Not only is the failure to practice Sabbath disobeying God, but it is also affecting our mental health and our relationships with others.  The ongoing “push-push” approach to life is creating an anxiety-driven pressure to succeed.  Relationships then become an afterthought instead of an eagerly cultivated blessing.  During a recent conversation with a good friend, I came to realize that my refusal to observe the Sabbath was often prideful and fearful.  The month before our conversation my busy work routine had been totally interrupted by being sick for the entire month.  As I described that month to my friend, she asked if I had been able to pay attention to my body – and what was it saying?  I chuckled and said I was getting better at that, but I quickly justified myself: I needed to work and keep going.  In other words, I was defensive and still committed to resuming my “work addiction” attitude.

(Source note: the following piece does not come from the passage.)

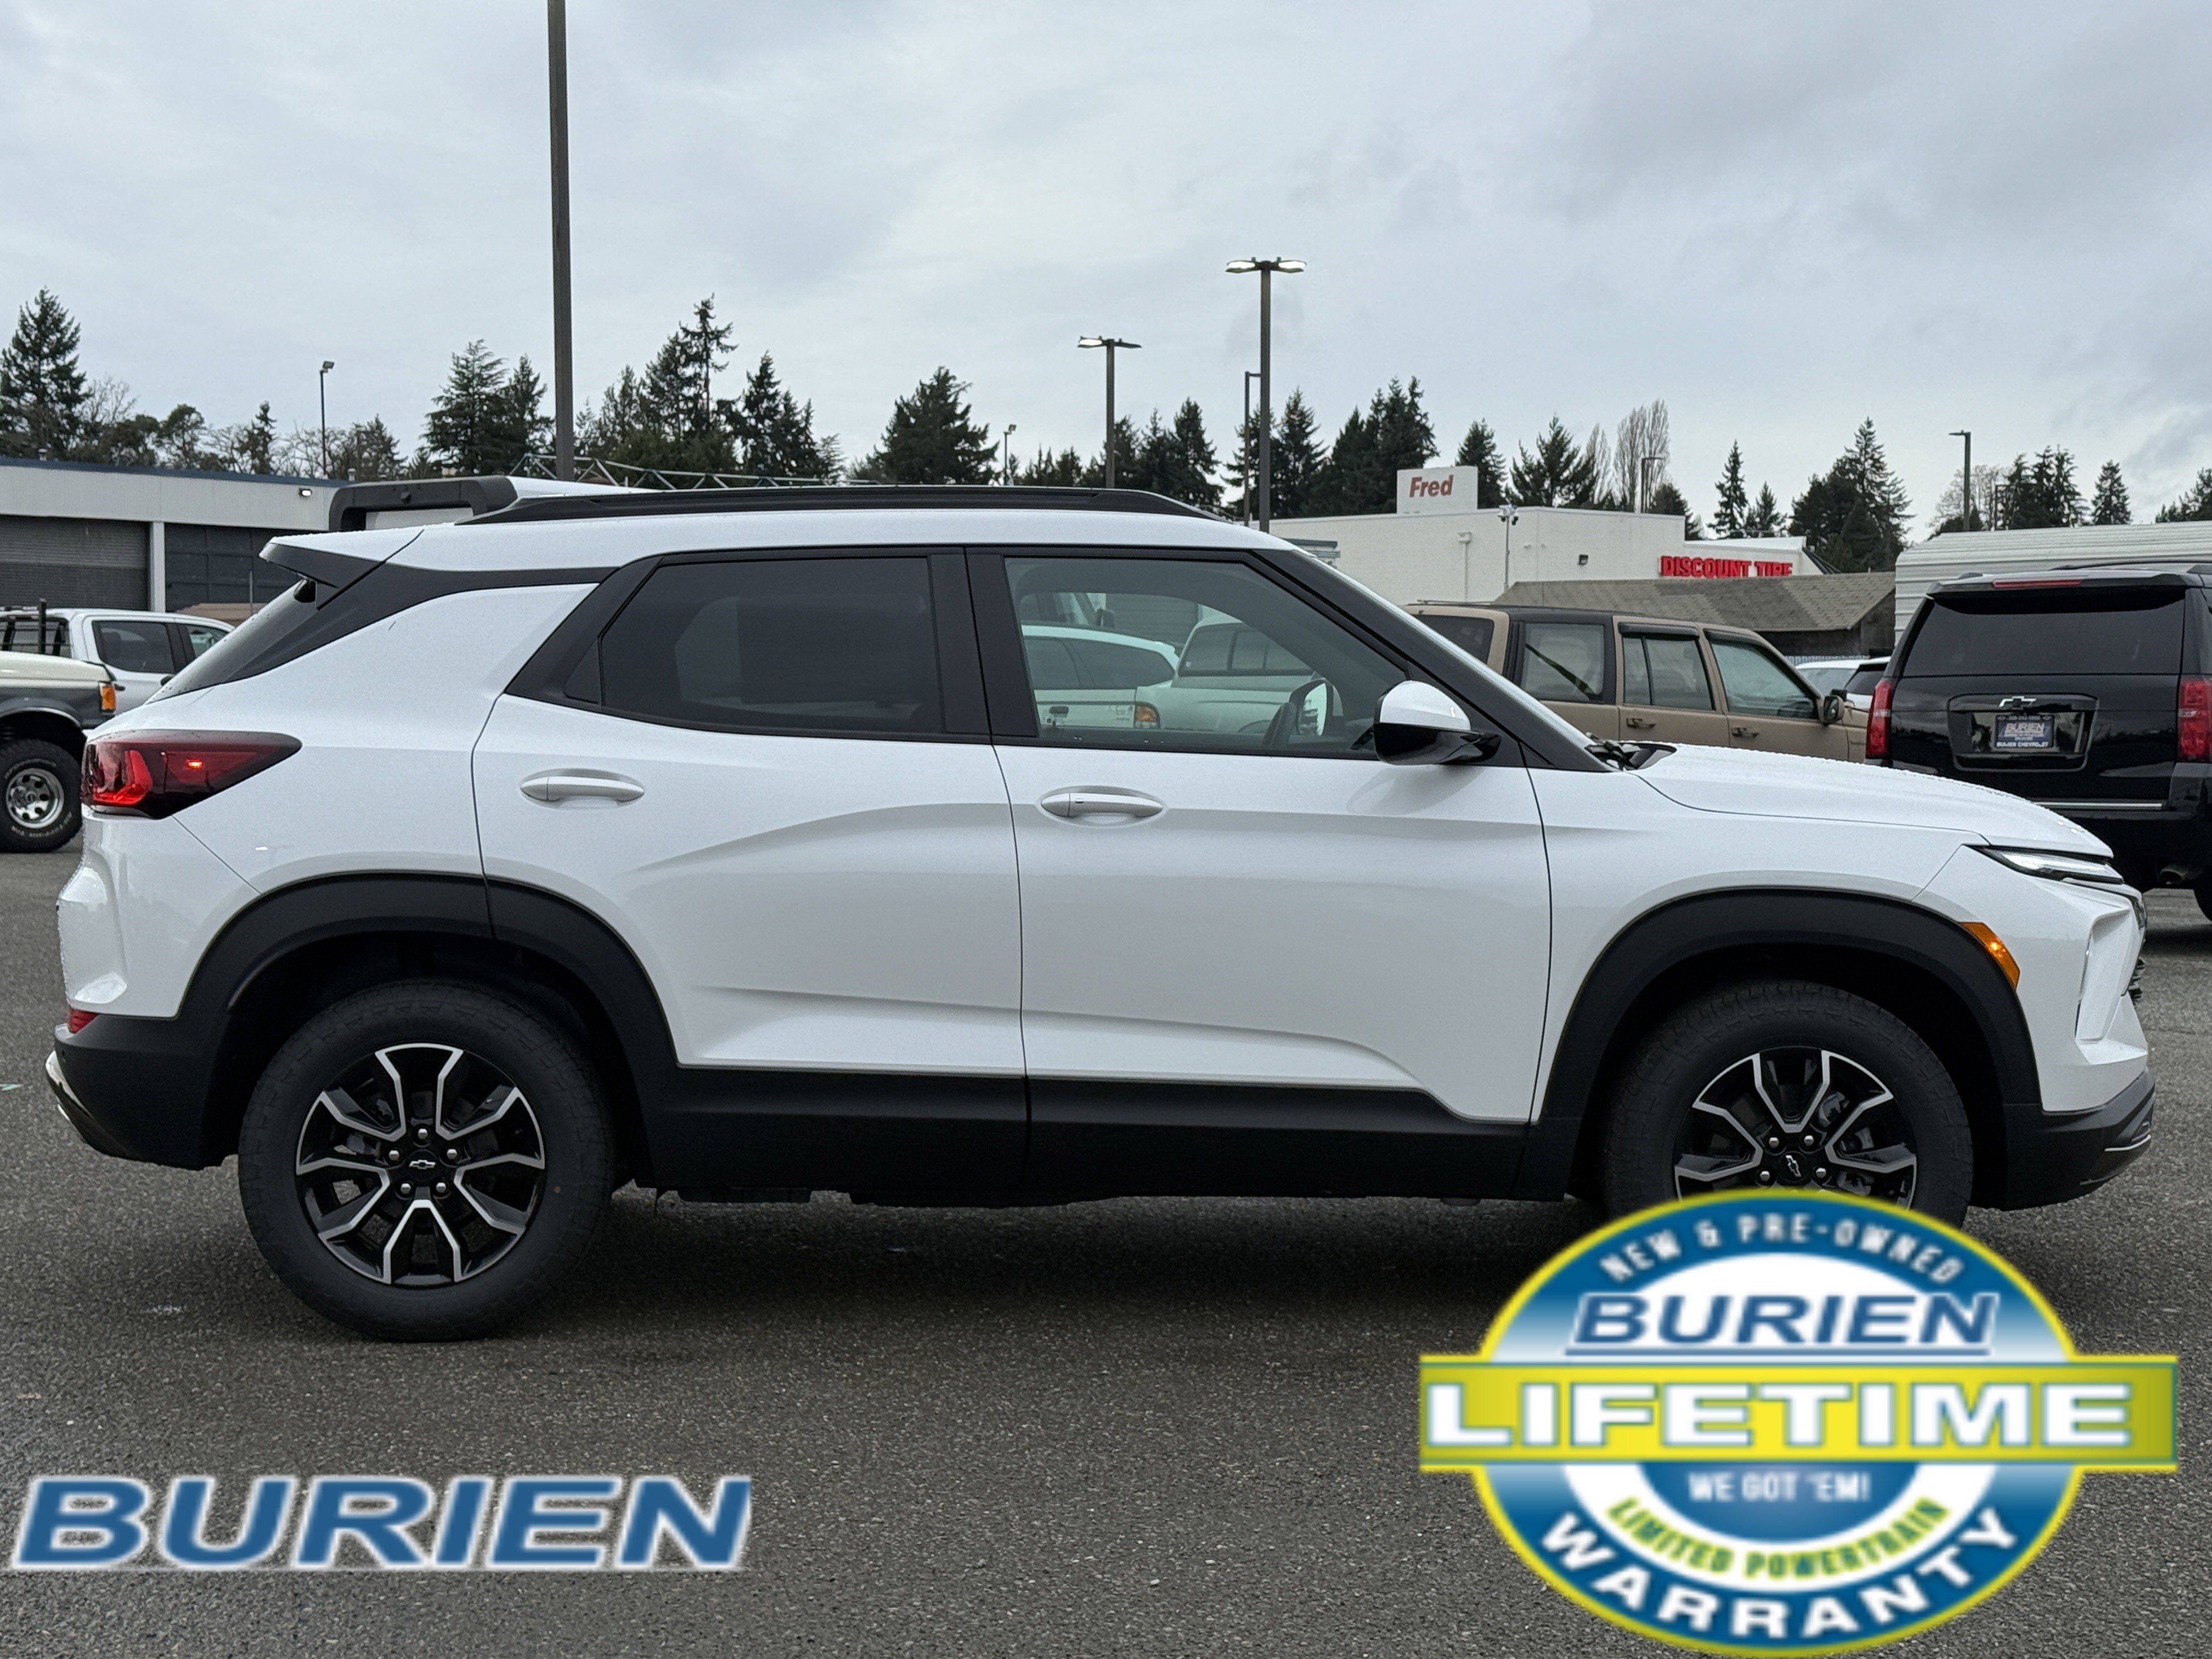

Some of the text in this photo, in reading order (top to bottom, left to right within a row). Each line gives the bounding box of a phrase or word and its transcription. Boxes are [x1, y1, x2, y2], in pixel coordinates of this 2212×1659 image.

[1409, 475, 1454, 498] Fred
[1661, 556, 1793, 578] DISCOUNT TIRE
[2005, 723, 2045, 733] BURIEN

I left our conversation troubled and curious, because the deeper part of me wants to please our Lord.  I really do want to rest in Him as I willingly practice Sabbath, trusting that He will do the interior work of making me holy as I surrender my own frantic efforts to produce holiness in myself.  For those self-sufficient efforts are based on the false assumption that I must strive to earn something which I ultimately cannot earn – God’s unconditional love.  The pressure of living according to that lie accrues over time, and it always negatively impacts the quality of my relationships with others.  To follow the all-American pace of life or to keep up with the Jones leaves us feeling exhausted and depleted.

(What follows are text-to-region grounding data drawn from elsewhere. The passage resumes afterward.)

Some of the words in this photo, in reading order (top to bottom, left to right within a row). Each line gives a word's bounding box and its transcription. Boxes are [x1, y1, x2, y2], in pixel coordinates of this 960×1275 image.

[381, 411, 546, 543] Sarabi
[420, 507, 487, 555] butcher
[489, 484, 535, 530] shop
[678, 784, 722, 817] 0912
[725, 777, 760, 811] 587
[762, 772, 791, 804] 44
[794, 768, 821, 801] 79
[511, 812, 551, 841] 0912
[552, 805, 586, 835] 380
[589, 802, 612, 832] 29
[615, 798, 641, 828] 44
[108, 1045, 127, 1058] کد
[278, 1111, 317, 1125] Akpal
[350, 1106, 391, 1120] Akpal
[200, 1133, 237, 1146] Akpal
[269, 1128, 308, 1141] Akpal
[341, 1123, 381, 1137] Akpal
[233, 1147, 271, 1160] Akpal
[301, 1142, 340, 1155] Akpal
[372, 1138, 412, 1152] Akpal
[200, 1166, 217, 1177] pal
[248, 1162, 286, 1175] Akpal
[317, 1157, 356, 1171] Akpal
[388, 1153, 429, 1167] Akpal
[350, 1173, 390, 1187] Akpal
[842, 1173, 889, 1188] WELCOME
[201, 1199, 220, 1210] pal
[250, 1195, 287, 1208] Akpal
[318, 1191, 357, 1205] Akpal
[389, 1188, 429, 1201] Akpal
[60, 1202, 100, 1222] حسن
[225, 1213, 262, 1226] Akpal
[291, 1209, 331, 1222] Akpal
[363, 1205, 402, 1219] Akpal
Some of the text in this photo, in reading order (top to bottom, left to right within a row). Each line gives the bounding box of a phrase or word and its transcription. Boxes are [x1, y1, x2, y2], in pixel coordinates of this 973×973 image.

God accomplished His creation work in six day, and then He looked around to see all He had made, and He called it “very good” – He enjoyed what He had done!  But on the seventh day God rested.  He ceased from His work of creating our universe.  Not only did He rest on that day, but He blessed it and declared it holy. (Genesis 1 and 2)

If God Himself declares the Sabbath to be holy, must I not do the same if I am His follower?  Lord, lead me to you as I practice Sabbath, learning to rest in and to worship the One I say I love the most.